◆ **Work task**
Reproduce the records below exactly as they appear, omitting any pictures they contain.

= = = = = = =

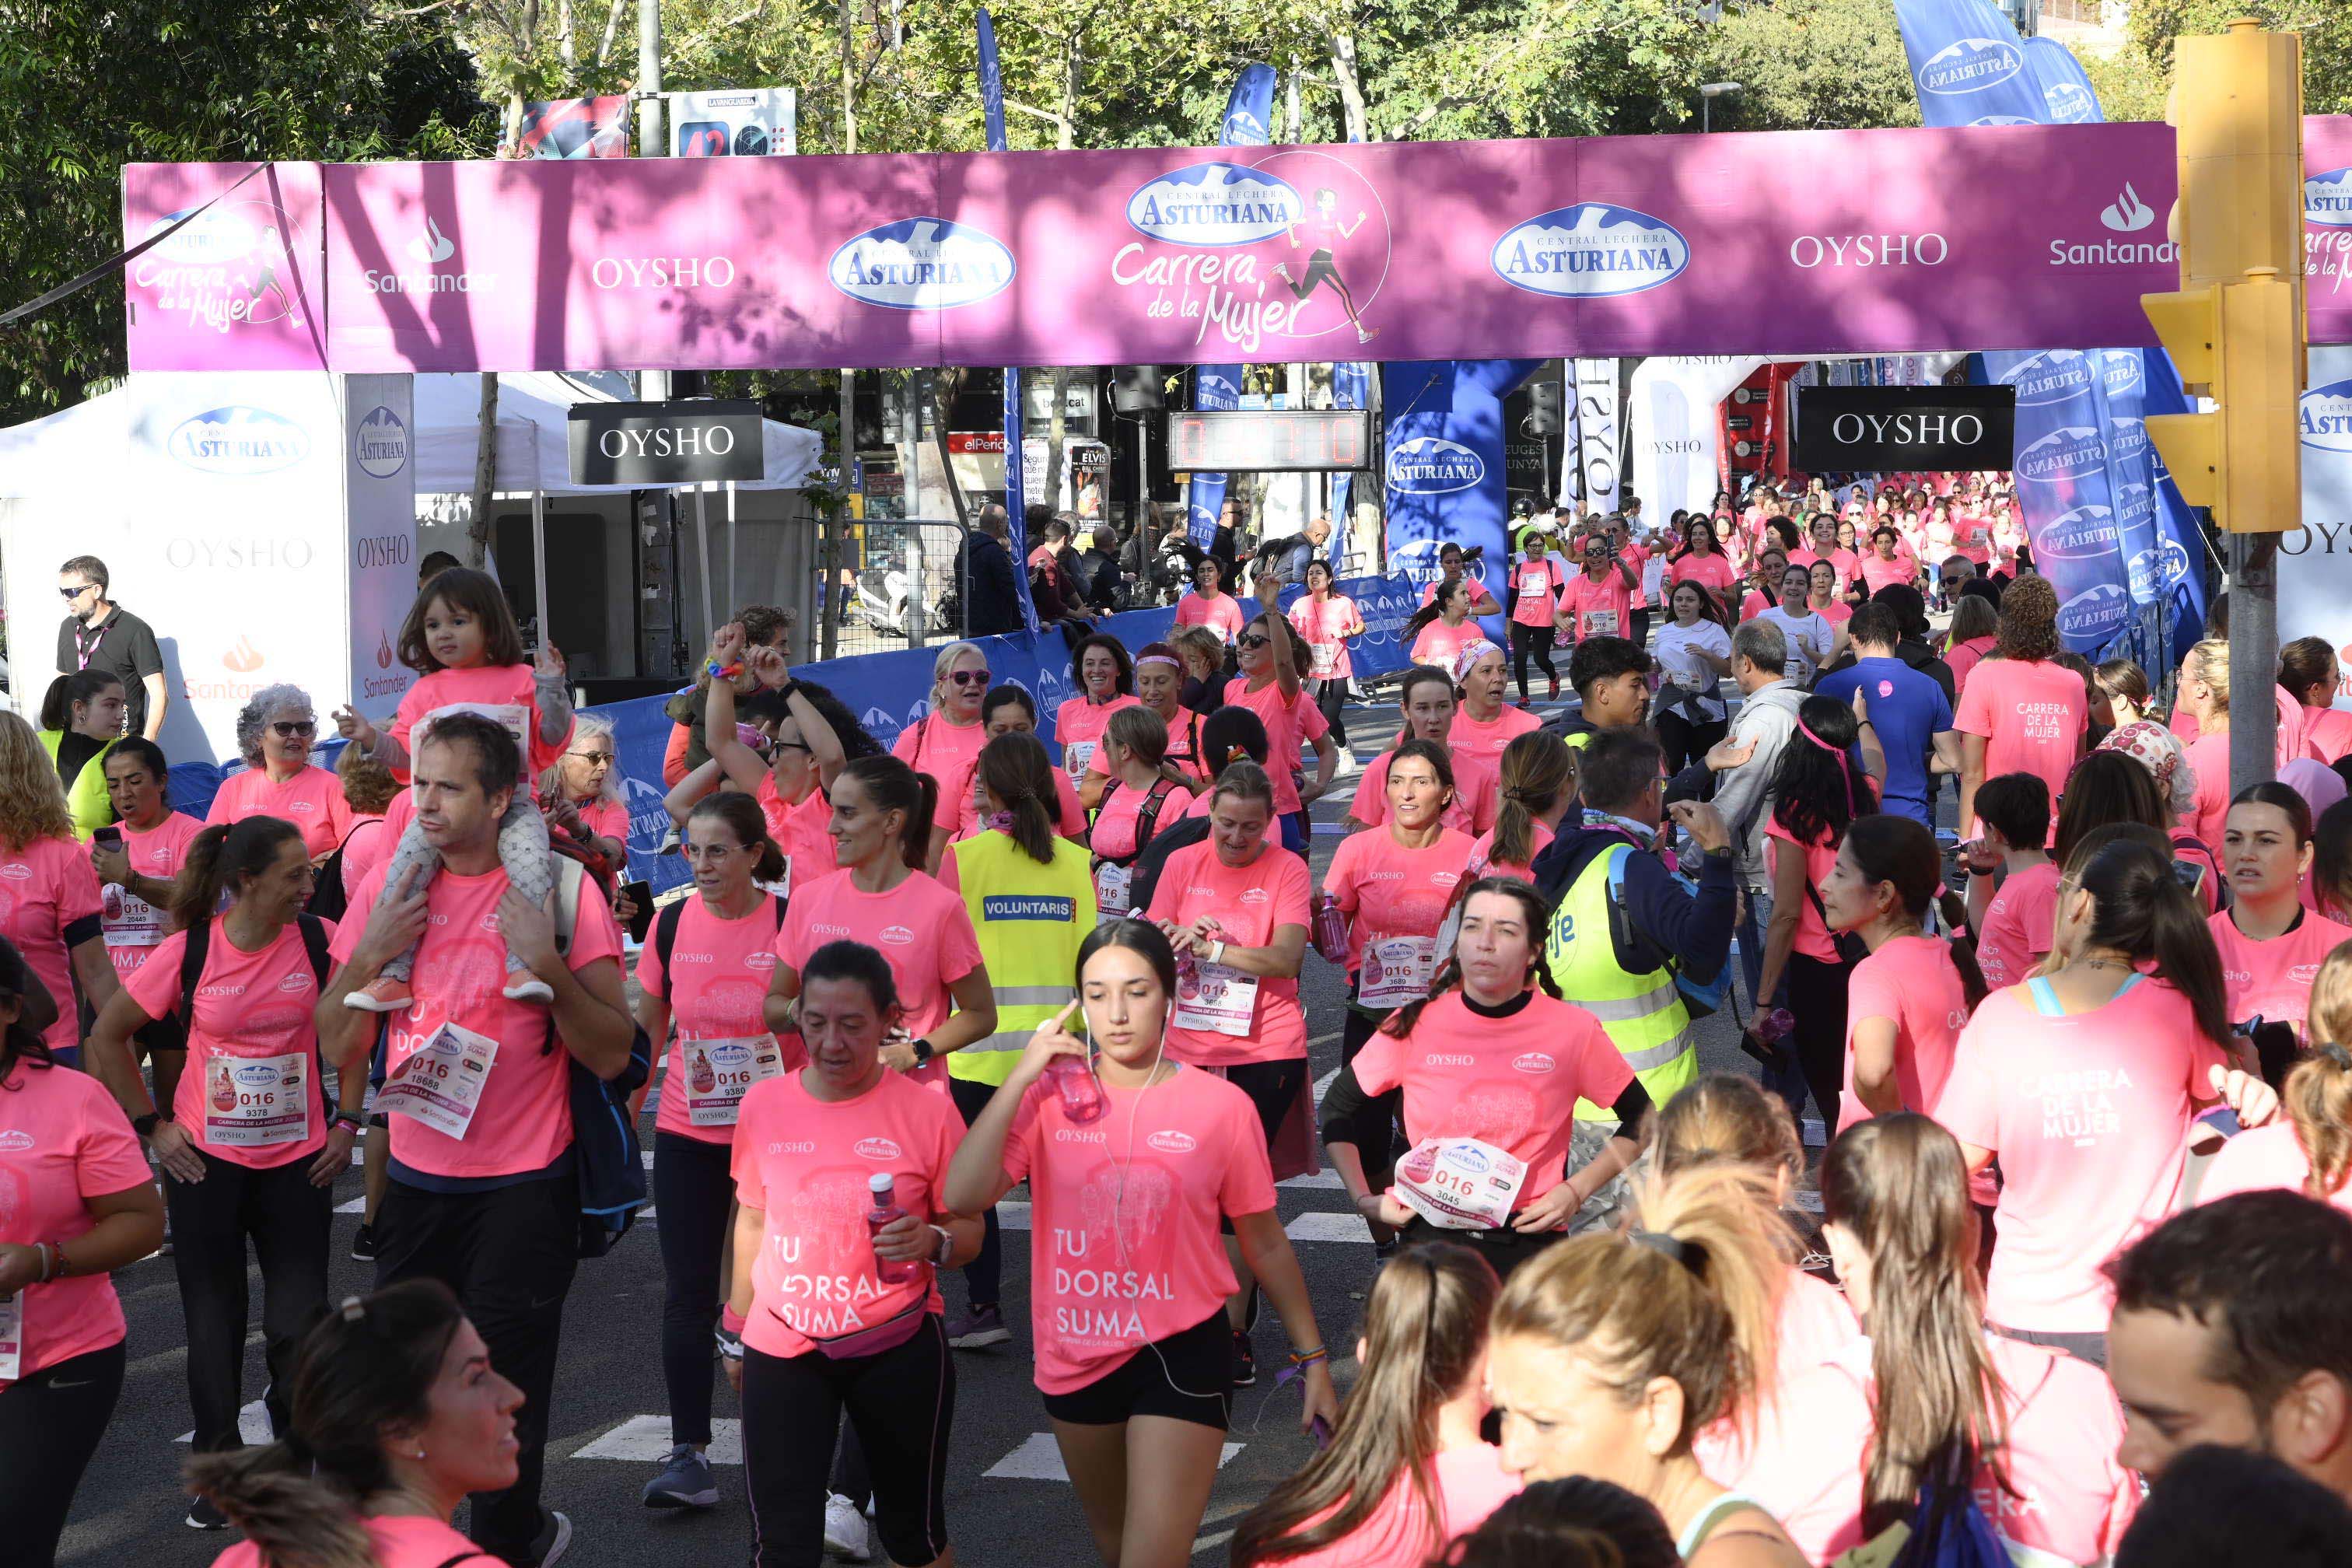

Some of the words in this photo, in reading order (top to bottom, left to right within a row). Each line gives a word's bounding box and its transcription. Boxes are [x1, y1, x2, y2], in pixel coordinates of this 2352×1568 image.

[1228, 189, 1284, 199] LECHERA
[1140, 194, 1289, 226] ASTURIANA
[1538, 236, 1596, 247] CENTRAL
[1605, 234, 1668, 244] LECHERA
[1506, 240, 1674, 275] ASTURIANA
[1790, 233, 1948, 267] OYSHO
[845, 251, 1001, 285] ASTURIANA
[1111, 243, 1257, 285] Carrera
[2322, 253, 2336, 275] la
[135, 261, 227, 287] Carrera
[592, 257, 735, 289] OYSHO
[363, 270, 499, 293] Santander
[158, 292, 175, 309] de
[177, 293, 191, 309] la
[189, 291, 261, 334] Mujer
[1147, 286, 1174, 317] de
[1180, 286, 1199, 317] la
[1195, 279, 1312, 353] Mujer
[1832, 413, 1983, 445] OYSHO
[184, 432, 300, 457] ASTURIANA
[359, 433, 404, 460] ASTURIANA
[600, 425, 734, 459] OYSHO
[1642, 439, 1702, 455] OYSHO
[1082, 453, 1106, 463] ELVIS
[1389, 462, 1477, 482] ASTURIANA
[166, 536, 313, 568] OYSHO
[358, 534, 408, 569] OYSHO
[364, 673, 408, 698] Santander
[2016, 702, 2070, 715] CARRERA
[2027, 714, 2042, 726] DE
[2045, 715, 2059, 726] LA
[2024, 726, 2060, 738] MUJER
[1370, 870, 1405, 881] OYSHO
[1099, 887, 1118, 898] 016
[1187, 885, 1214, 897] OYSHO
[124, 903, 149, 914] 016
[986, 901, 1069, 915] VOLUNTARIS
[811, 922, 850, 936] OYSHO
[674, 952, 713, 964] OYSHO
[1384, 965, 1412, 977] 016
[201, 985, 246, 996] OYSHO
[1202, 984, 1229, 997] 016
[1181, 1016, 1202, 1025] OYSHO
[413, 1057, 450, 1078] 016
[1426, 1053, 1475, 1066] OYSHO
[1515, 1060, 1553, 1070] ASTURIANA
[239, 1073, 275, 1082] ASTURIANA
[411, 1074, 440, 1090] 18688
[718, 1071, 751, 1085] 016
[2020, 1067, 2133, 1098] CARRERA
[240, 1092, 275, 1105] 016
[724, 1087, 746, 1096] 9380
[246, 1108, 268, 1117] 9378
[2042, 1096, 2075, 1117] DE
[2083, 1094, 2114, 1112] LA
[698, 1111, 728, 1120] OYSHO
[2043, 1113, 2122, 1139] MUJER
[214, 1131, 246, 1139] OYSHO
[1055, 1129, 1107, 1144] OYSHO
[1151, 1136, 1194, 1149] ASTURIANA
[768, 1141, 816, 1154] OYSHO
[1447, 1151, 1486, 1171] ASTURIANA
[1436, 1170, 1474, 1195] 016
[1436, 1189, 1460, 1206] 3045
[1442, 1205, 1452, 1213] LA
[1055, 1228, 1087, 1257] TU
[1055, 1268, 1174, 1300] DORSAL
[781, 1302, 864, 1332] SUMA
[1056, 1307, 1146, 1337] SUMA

= = = = = = =

◆ **Finished exercise**
Some of the words in this photo, in reading order (top to bottom, left to right within a row). Each line gives a word's bounding box and its transcription. Boxes are [x1, y1, x2, y2], in pixel coordinates of this 2352×1568 image.

[1228, 189, 1284, 199] LECHERA
[1140, 194, 1289, 226] ASTURIANA
[1538, 236, 1596, 247] CENTRAL
[1605, 234, 1668, 244] LECHERA
[1506, 240, 1674, 275] ASTURIANA
[1790, 233, 1948, 267] OYSHO
[845, 251, 1001, 285] ASTURIANA
[1111, 243, 1257, 285] Carrera
[2322, 253, 2336, 275] la
[135, 261, 227, 287] Carrera
[592, 257, 735, 289] OYSHO
[363, 270, 499, 293] Santander
[158, 292, 175, 309] de
[177, 293, 191, 309] la
[189, 291, 261, 334] Mujer
[1147, 286, 1174, 317] de
[1180, 286, 1199, 317] la
[1195, 279, 1312, 353] Mujer
[1832, 413, 1983, 445] OYSHO
[184, 432, 300, 457] ASTURIANA
[359, 433, 404, 460] ASTURIANA
[600, 425, 734, 459] OYSHO
[1642, 439, 1702, 455] OYSHO
[1082, 453, 1106, 463] ELVIS
[1389, 462, 1477, 482] ASTURIANA
[166, 536, 313, 568] OYSHO
[358, 534, 408, 569] OYSHO
[364, 673, 408, 698] Santander
[2016, 702, 2070, 715] CARRERA
[2027, 714, 2042, 726] DE
[2045, 715, 2059, 726] LA
[2024, 726, 2060, 738] MUJER
[1370, 870, 1405, 881] OYSHO
[1099, 887, 1118, 898] 016
[1187, 885, 1214, 897] OYSHO
[124, 903, 149, 914] 016
[986, 901, 1069, 915] VOLUNTARIS
[811, 922, 850, 936] OYSHO
[674, 952, 713, 964] OYSHO
[1384, 965, 1412, 977] 016
[201, 985, 246, 996] OYSHO
[1202, 984, 1229, 997] 016
[1181, 1016, 1202, 1025] OYSHO
[413, 1057, 450, 1078] 016
[1426, 1053, 1475, 1066] OYSHO
[1515, 1060, 1553, 1070] ASTURIANA
[239, 1073, 275, 1082] ASTURIANA
[411, 1074, 440, 1090] 18688
[718, 1071, 751, 1085] 016
[2020, 1067, 2133, 1098] CARRERA
[240, 1092, 275, 1105] 016
[724, 1087, 746, 1096] 9380
[246, 1108, 268, 1117] 9378
[2042, 1096, 2075, 1117] DE
[2083, 1094, 2114, 1112] LA
[698, 1111, 728, 1120] OYSHO
[2043, 1113, 2122, 1139] MUJER
[214, 1131, 246, 1139] OYSHO
[1055, 1129, 1107, 1144] OYSHO
[1151, 1136, 1194, 1149] ASTURIANA
[768, 1141, 816, 1154] OYSHO
[1447, 1151, 1486, 1171] ASTURIANA
[1436, 1170, 1474, 1195] 016
[1436, 1189, 1460, 1206] 3045
[1442, 1205, 1452, 1213] LA
[1055, 1228, 1087, 1257] TU
[1055, 1268, 1174, 1300] DORSAL
[781, 1302, 864, 1332] SUMA
[1056, 1307, 1146, 1337] SUMA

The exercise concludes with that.